Estou contando um pouco da minha vida porque muitas pessoas aqui não me conhecem e eu sou absolutamente amadora. Sou uma observadora enorme e uma grande apaixonada pelo trabalho. Então, voltando a isso, eu senti, depois de crescer no meu trabalho e ir me resolvendo, vi que com uma parceira, uma mínima parcela da minha experiência profissional, eu podia devolver todos aqueles brinquedos, toda aquela infância que eu tive, água de pote, brinquedo de Vitalino, bruxa de pano. Larguei tudo isso e comecei a viajar, ir a Europa, para a Itália ver o design, a Dinamarca, e ficar impressionado com tudo isso. Tive, então, uma recaída – se pudesse falar nesses termos - voltei com uma paixão imensa e quero devolver, quero trabalhar pra essa gente. Sinto também que posso dar uma ajuda, não interferir – essa palavra difícil e forte – no trabalho de um artesão.
Quando me refiro a artesão, refiro-me àquele de tradição, um artesão popular, esse que vai estabelecer uma continuidade, não o artesão doméstico, aquele que fica por ele mesmo e vai cumprir somente os deveres com os familiares. Refiro-me a um artesão de tradição porque é o que passa de pai para filho e que vai ter continuidade. Isso é muito importante e por isso estou tentando fazer com que meus colegas arquitetos, designers e decoradores e tal se envolvam também e possam contribuir com uma pequena parcela desse trabalho. Inventei há pouco tempo, no MAC, uma exposição envolvendo 25 arquitetos e decoradores do Rio de Janeiro para que dentro de suas casas eles colocassem um artesão que já estava num processo degenerativo. Não me refiro ao artista popular; com este nós não temos o direito de nos envolver porque, como se dizia na Festa de Babete, “Um artista nunca é pobre”. Ele vai crescer por ele mesmo, ele tem a arte dele, mesmo que encontre dificuldades de mercado, ele vai conseguir sobreviver. Este trabalho foi interessante na medida em que esses arquitetos e designers passaram a se interessar pelo artesanato. Minha proposta era tirar esse artesão do anonimato e deixar o arquiteto no anonimato. Porque o que acontece sempre é que o artesão fica anônimo no trabalho de todos e o trabalho do decorador ou do arquiteto fica engrandecido por um trabalho que não é o dele, é de outro.

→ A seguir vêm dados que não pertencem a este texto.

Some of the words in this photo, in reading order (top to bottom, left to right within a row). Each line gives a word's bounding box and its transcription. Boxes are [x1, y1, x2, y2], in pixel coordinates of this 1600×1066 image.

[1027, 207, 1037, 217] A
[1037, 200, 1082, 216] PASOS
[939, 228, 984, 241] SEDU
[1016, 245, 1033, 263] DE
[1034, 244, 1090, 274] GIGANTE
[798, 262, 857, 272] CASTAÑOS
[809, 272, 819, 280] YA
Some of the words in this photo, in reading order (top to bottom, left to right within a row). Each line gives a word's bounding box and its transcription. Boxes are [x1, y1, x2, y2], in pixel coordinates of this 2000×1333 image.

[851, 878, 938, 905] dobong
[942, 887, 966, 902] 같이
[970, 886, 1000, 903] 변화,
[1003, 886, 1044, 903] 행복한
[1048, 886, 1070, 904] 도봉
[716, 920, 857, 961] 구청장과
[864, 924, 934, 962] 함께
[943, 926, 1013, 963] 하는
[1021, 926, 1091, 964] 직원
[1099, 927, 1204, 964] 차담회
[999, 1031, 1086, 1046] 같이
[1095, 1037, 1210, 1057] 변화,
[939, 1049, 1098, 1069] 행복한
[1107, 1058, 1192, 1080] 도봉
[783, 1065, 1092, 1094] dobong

Eu gostaria muito que esse projeto fosse um projeto importante, que o Brasil inteiro pudesse se envolver, para que nós pudéssemos, nessa batalha, nessa luta que o SEBRAE vem travando – para surpresa minha, o Programa Artesanato Solidário está muito bem equipado com pessoas – mas que essa batalha continuasse, tivesse vários Renatos Imbroisis, várias Cláudias, várias Helenas, Lia Mônica, várias pessoas desse tipo que pudessem se envolver num trabalho grande, porque nós somos muito poucos.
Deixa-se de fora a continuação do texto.